Collected data
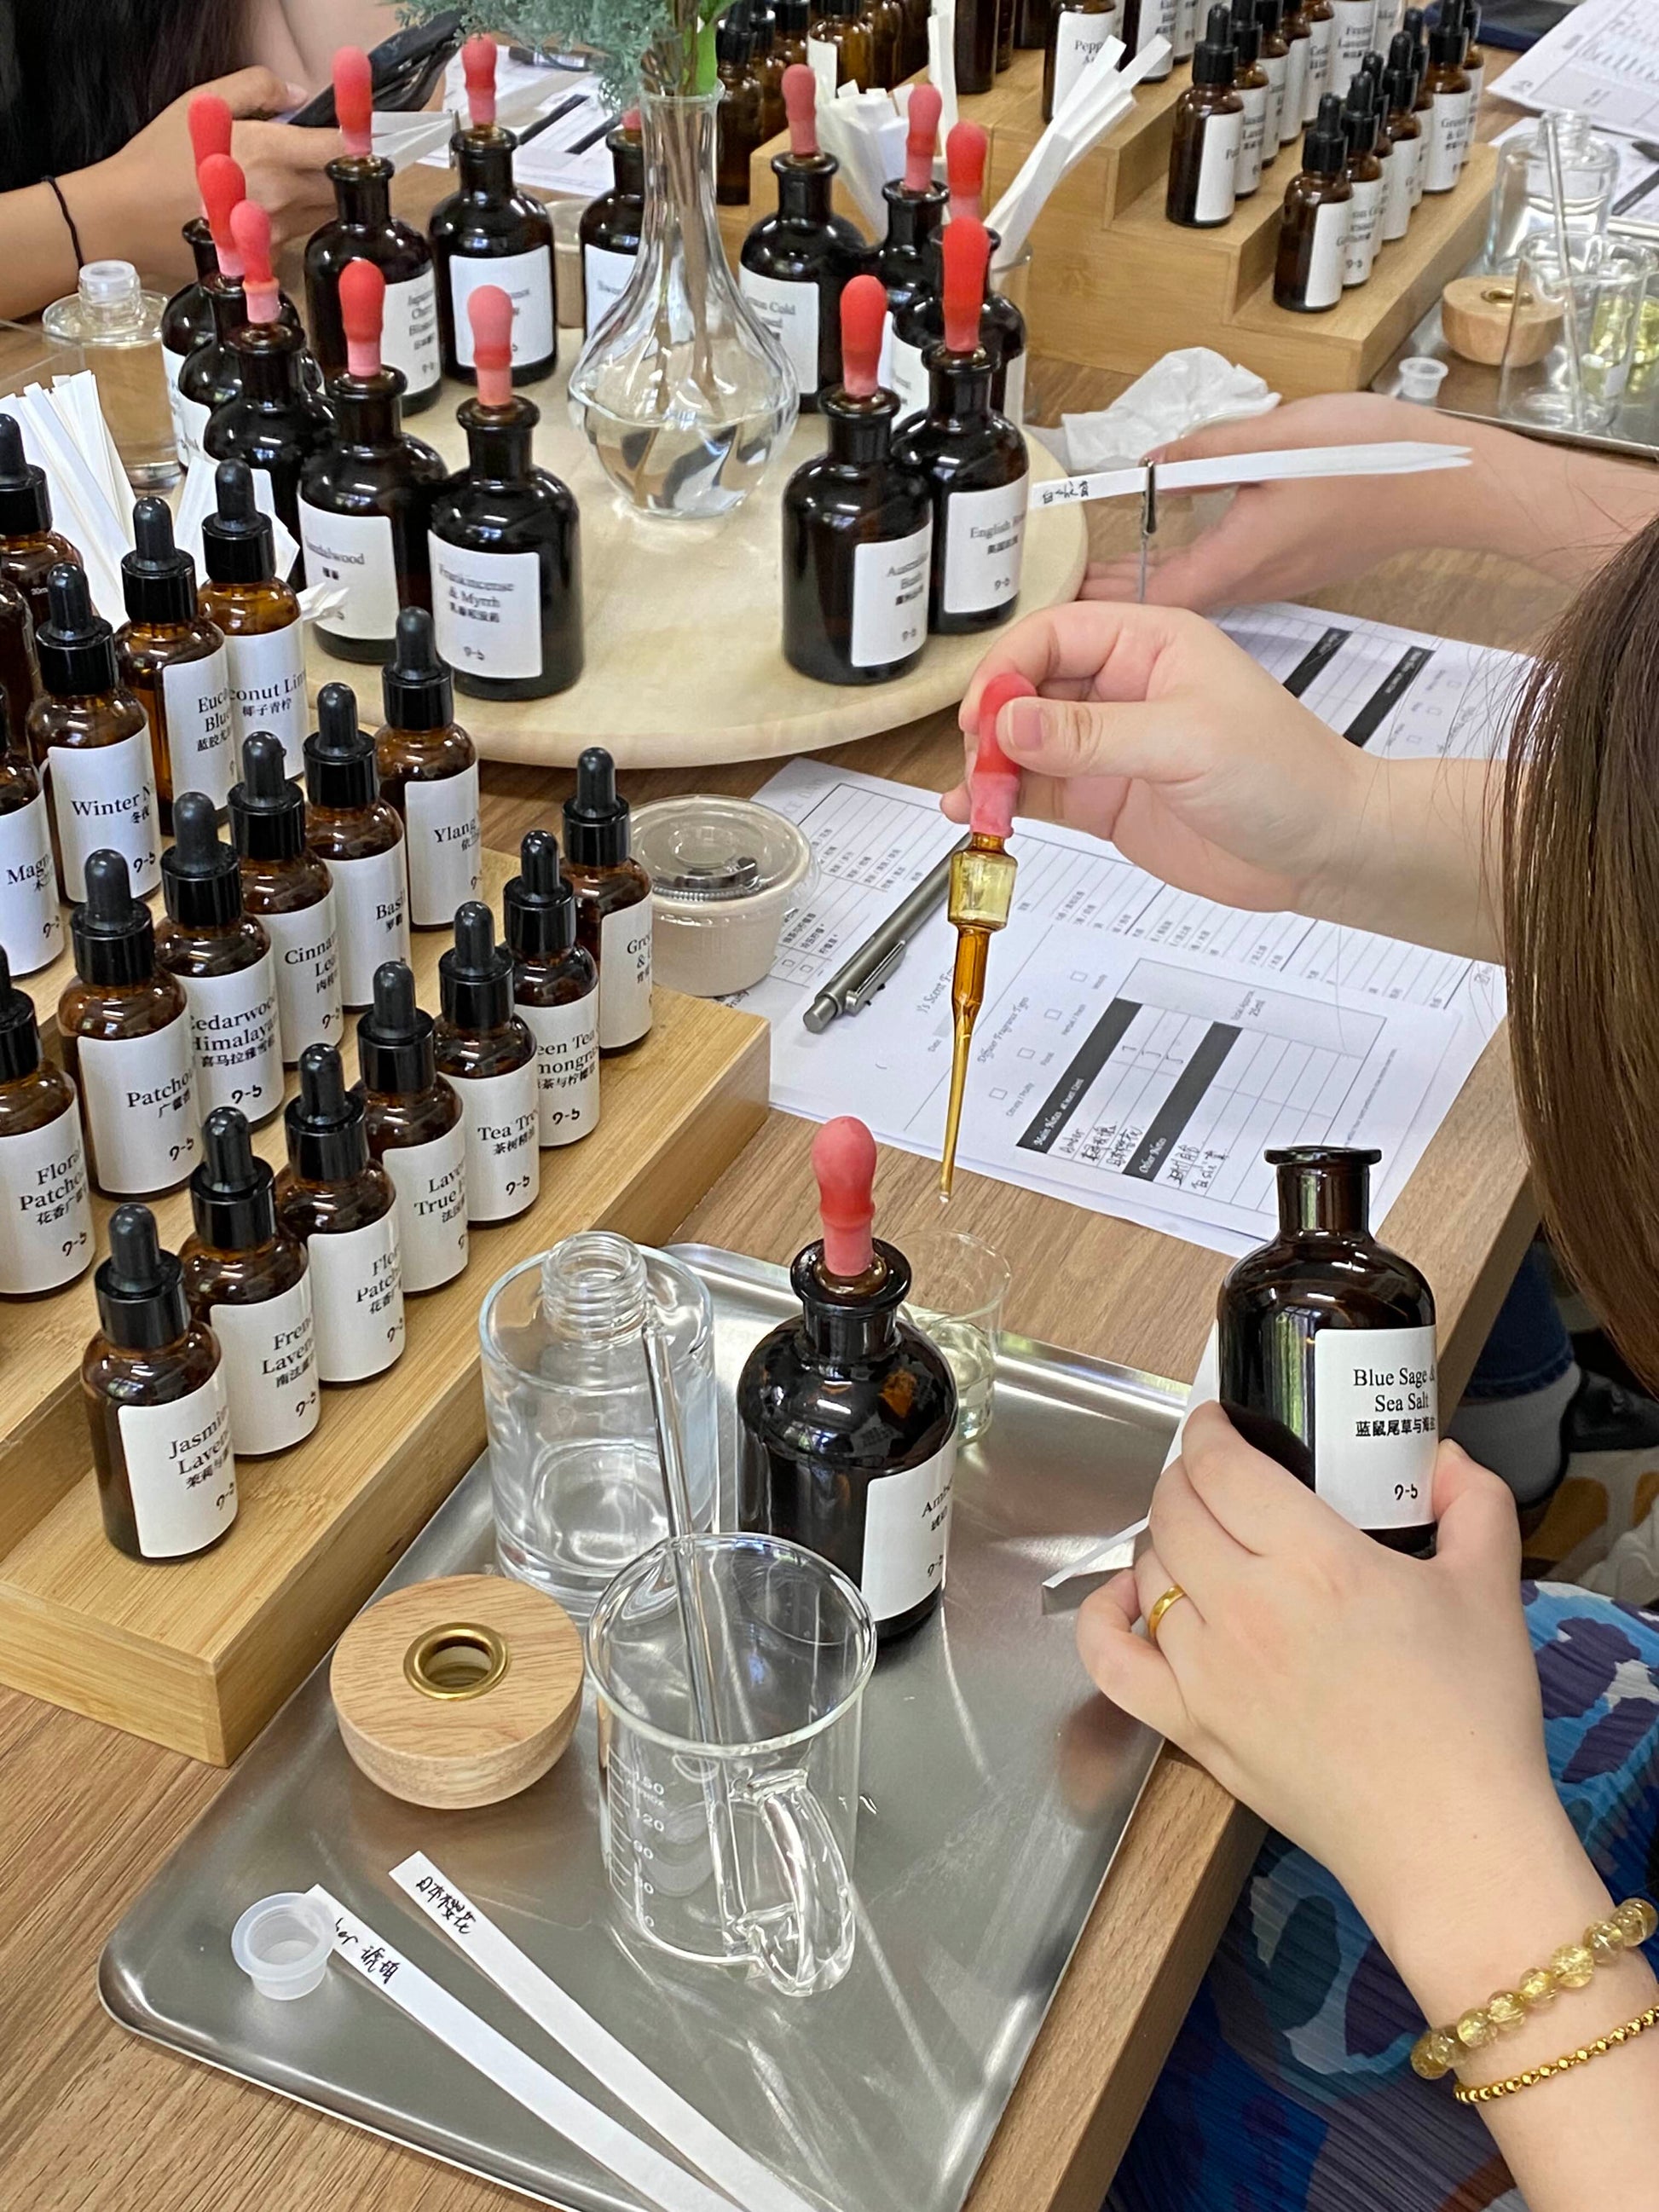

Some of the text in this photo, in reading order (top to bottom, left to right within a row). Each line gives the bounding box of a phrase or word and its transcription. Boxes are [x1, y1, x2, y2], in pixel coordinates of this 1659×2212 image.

[228, 684, 280, 702] conut
[71, 793, 141, 817] Winter
[537, 1042, 568, 1057] een
[477, 1125, 512, 1141] Tea
[413, 1189, 458, 1217] True
[1353, 1369, 1395, 1387] Blue
[1399, 1366, 1428, 1389] Sage
[1374, 1391, 1430, 1412] Sea Salt
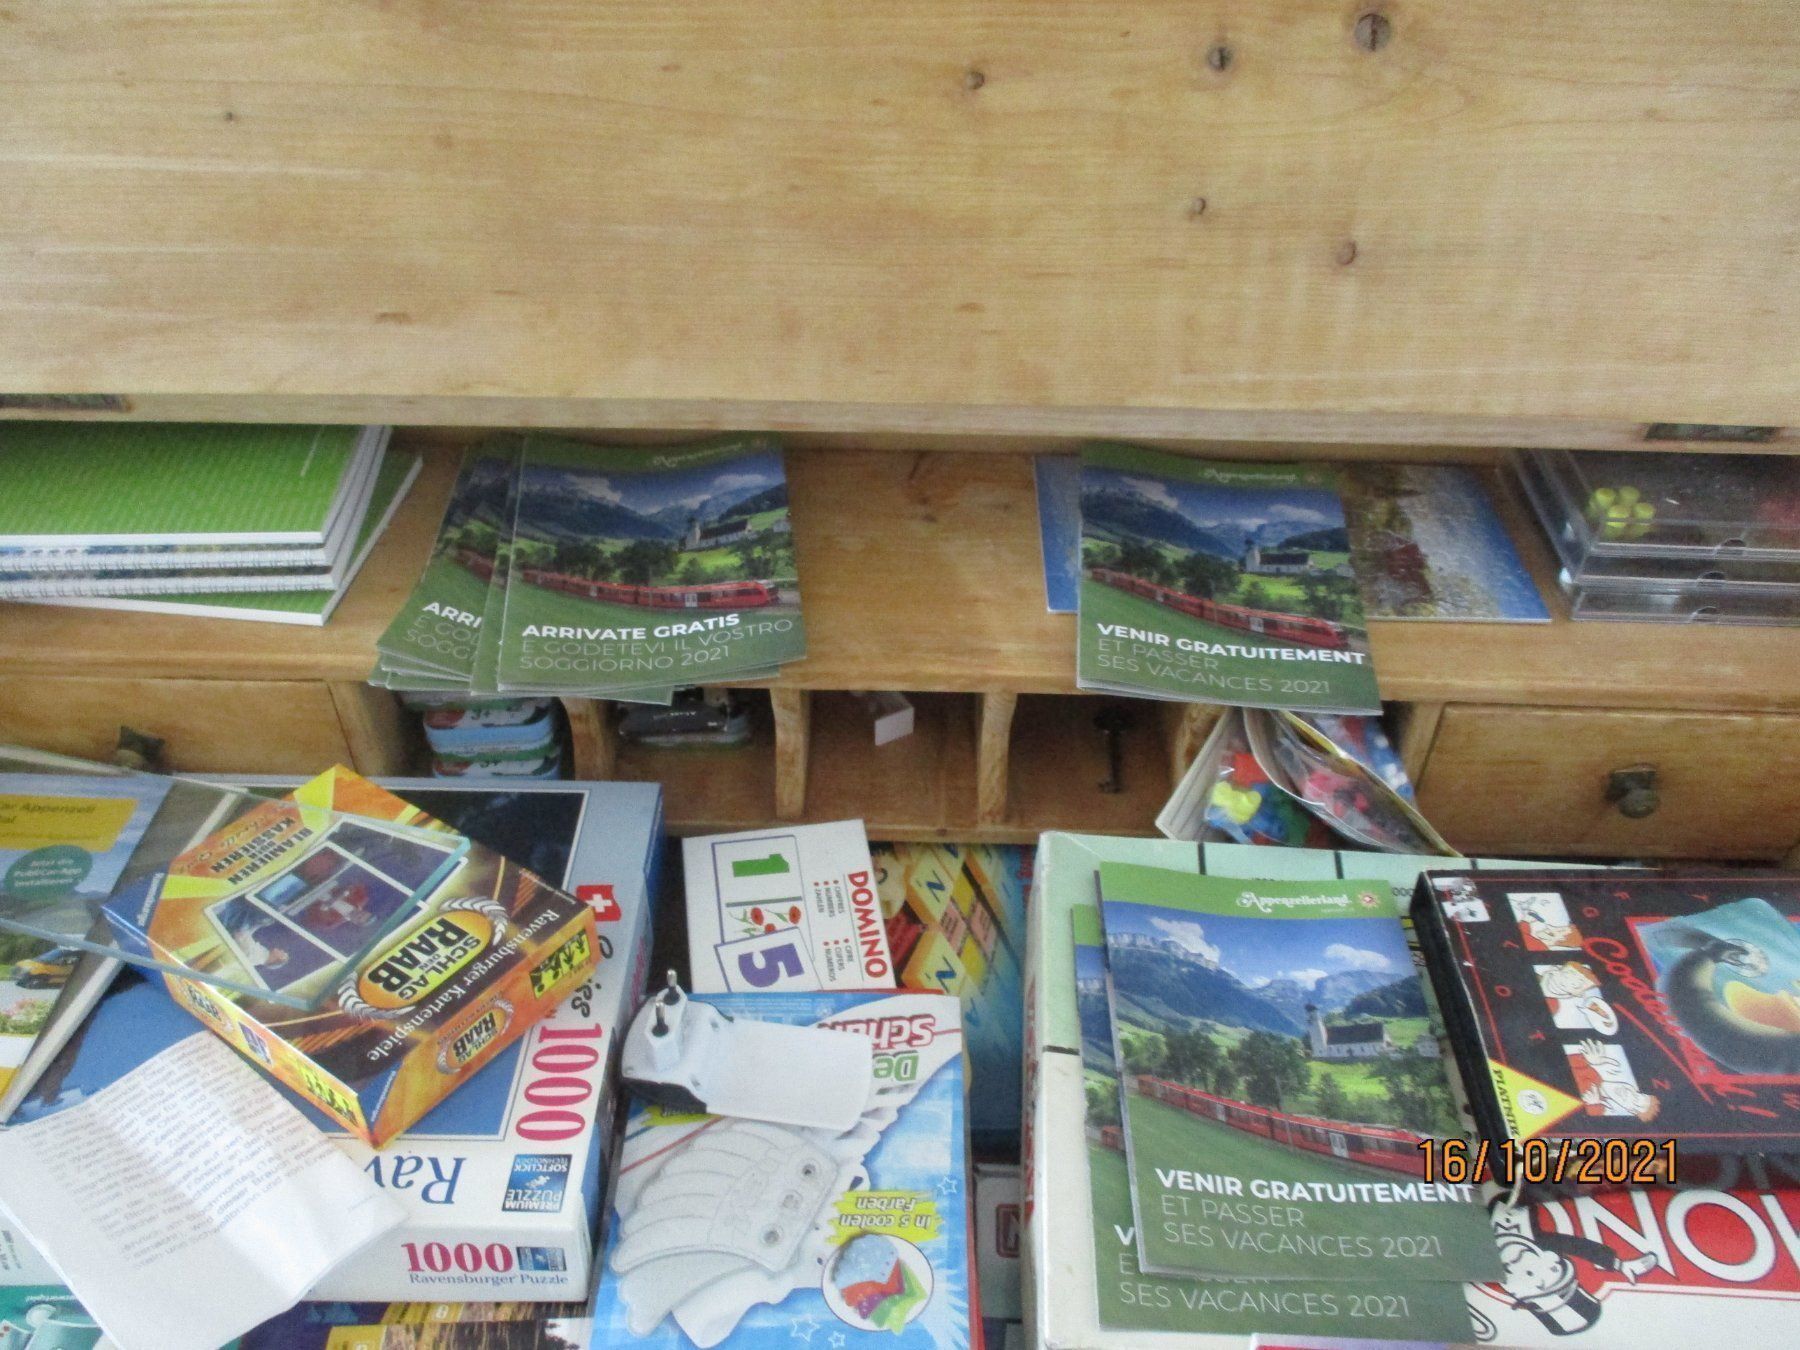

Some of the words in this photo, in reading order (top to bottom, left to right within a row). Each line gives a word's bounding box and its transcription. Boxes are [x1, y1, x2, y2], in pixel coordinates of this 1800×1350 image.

[522, 623, 647, 640] ARRIVATE
[653, 613, 741, 638] GRATIS
[523, 640, 534, 654] E
[538, 640, 666, 657] GODETEVI
[674, 638, 692, 653] IL
[700, 617, 794, 647] VOSTRO
[1097, 623, 1169, 647] VENIR
[1176, 637, 1366, 665] GRATUITEMENT
[519, 655, 674, 672] SOGGIORNO
[681, 645, 730, 667] 2021
[1099, 639, 1125, 653] ET
[1132, 641, 1219, 670] PASSER
[1098, 655, 1140, 673] SES
[1146, 662, 1272, 692] VACANCES
[1280, 679, 1330, 693] 2021
[210, 815, 296, 874] KASSIEREN
[732, 853, 790, 878] 1
[848, 870, 888, 979] DOMINO
[368, 917, 470, 993] RAAB
[463, 909, 560, 986] Ravensburger
[738, 943, 805, 988] 5
[398, 935, 481, 1000] SCHLAG
[367, 984, 467, 1062] Kartenspiele
[515, 1022, 603, 1141] 1000
[363, 1155, 467, 1206] Rav
[507, 1189, 563, 1201] PUZZLE
[1155, 1168, 1244, 1197] VENIR
[1250, 1179, 1475, 1204] GRATUITEMENT
[504, 1200, 560, 1211] PREMIUM
[839, 1214, 895, 1228] coolen
[855, 1196, 916, 1212] Farben
[1162, 1195, 1192, 1217] ET
[1203, 1199, 1305, 1228] PASSER
[401, 1242, 514, 1274] 1000
[1164, 1222, 1214, 1247] SES
[1221, 1228, 1373, 1258] VACANCES
[1381, 1236, 1442, 1258] 2021
[409, 1274, 516, 1288] Ravensburger
[520, 1272, 569, 1286] Puzzle
[1119, 1282, 1171, 1308] SES
[1179, 1287, 1338, 1315] VACANCES
[1350, 1295, 1409, 1318] 2021

**REQUIRED WORK**
The entries are to be transcribed word for word, without their images.

**REPLY TO THE TASK**
Some of the text in this photo, in reading order (top to bottom, left to right within a row). Each line gives the bounding box of a phrase or word and its transcription. Boxes are [x1, y1, x2, y2], in pixel coordinates of this 1659×2212 image.

[228, 684, 280, 702] conut
[71, 793, 141, 817] Winter
[537, 1042, 568, 1057] een
[477, 1125, 512, 1141] Tea
[413, 1189, 458, 1217] True
[1353, 1369, 1395, 1387] Blue
[1399, 1366, 1428, 1389] Sage
[1374, 1391, 1430, 1412] Sea Salt

Some of the words in this photo, in reading order (top to bottom, left to right within a row). Each line gives a word's bounding box and its transcription. Boxes are [x1, y1, x2, y2], in pixel coordinates of this 1800×1350 image.

[522, 623, 647, 640] ARRIVATE
[653, 613, 741, 638] GRATIS
[523, 640, 534, 654] E
[538, 640, 666, 657] GODETEVI
[674, 638, 692, 653] IL
[700, 617, 794, 647] VOSTRO
[1097, 623, 1169, 647] VENIR
[1176, 637, 1366, 665] GRATUITEMENT
[519, 655, 674, 672] SOGGIORNO
[681, 645, 730, 667] 2021
[1099, 639, 1125, 653] ET
[1132, 641, 1219, 670] PASSER
[1098, 655, 1140, 673] SES
[1146, 662, 1272, 692] VACANCES
[1280, 679, 1330, 693] 2021
[210, 815, 296, 874] KASSIEREN
[732, 853, 790, 878] 1
[848, 870, 888, 979] DOMINO
[368, 917, 470, 993] RAAB
[463, 909, 560, 986] Ravensburger
[738, 943, 805, 988] 5
[398, 935, 481, 1000] SCHLAG
[367, 984, 467, 1062] Kartenspiele
[515, 1022, 603, 1141] 1000
[363, 1155, 467, 1206] Rav
[507, 1189, 563, 1201] PUZZLE
[1155, 1168, 1244, 1197] VENIR
[1250, 1179, 1475, 1204] GRATUITEMENT
[504, 1200, 560, 1211] PREMIUM
[839, 1214, 895, 1228] coolen
[855, 1196, 916, 1212] Farben
[1162, 1195, 1192, 1217] ET
[1203, 1199, 1305, 1228] PASSER
[401, 1242, 514, 1274] 1000
[1164, 1222, 1214, 1247] SES
[1221, 1228, 1373, 1258] VACANCES
[1381, 1236, 1442, 1258] 2021
[409, 1274, 516, 1288] Ravensburger
[520, 1272, 569, 1286] Puzzle
[1119, 1282, 1171, 1308] SES
[1179, 1287, 1338, 1315] VACANCES
[1350, 1295, 1409, 1318] 2021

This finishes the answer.